As a simpler solution, can you create the Gauge chart and simply filter where the job number field contains the value R?
I get the same number with the CT query and filter.
If you still have an issue, there may be something I'm missing in the set up.
- bottyz19 hours agoQrew Trainee
Sounds typical of my luck that it's only happening to me! Thanks for helping anyway!
On your other point, if I use it to filter out records (from the 73 total) where the job number contains 'R' (which for the sake of this current dataset would be 3 records), I can't then use the total number of sites as the goal number, as that would also be 3.
I want to display 3 out of 73 on the gauge. Pre-filtering would show 3 out of 3. Does that make sense?
Is there a way of printing out on screen, step-by-step how its calculating to 21,000 something, so I can find the root cause?- KathyQB119 hours agoQrew Member
I understand the issue with the filter. Below is what I did. Under what does this gauge measure, R Jobs is the count from the query. I selected averaged as the summary since every record in the table will have the same count.
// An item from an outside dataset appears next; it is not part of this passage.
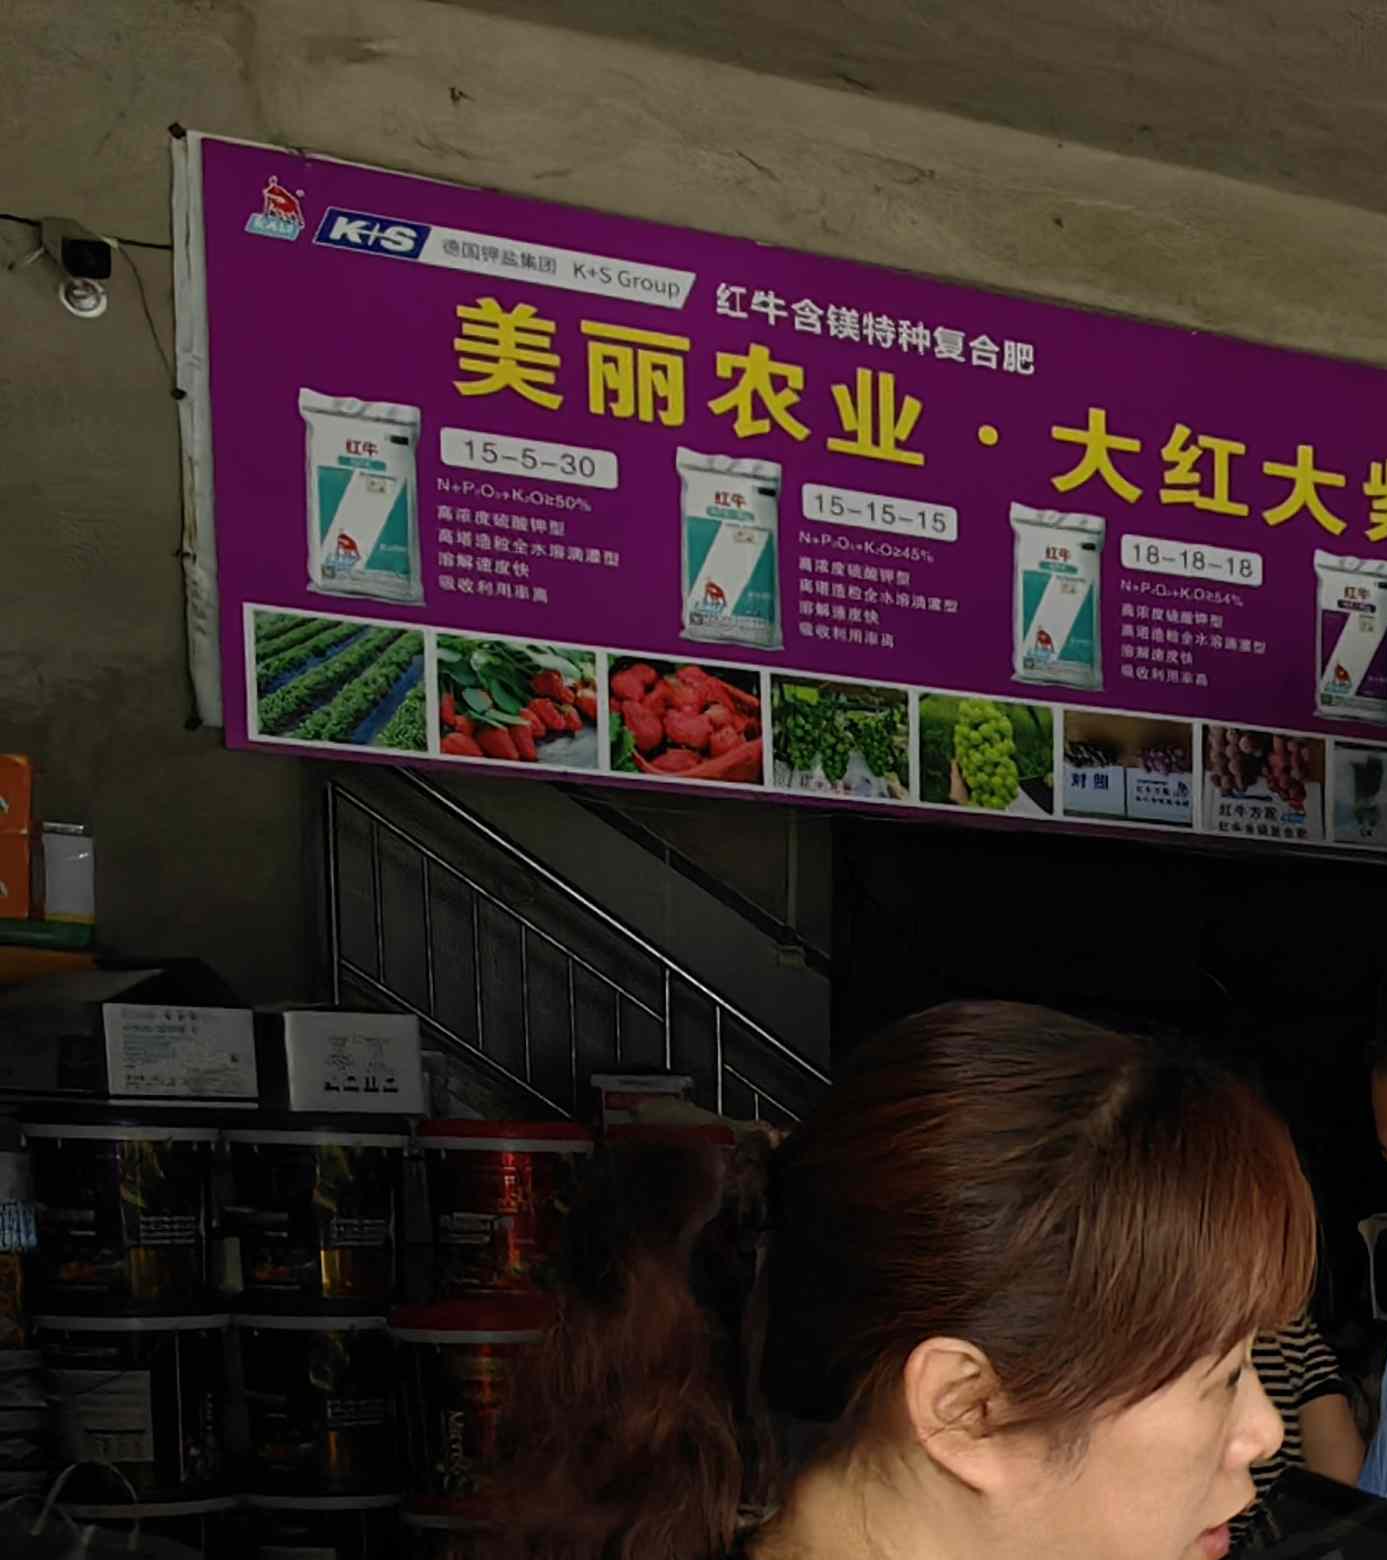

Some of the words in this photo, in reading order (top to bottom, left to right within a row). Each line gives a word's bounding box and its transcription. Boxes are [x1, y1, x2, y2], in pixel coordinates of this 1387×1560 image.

I then set the Gauge limits to the number of records in the table.
This shows 2 of 36 have R in the job code.
As far as troubleshooting, can you put the calculated field and the job number field in a table report next to each other and see what the results are? If the query is on the table with the job number, each record should have the same count. I would review the formula results for each record to see if that has the expected value and go from there.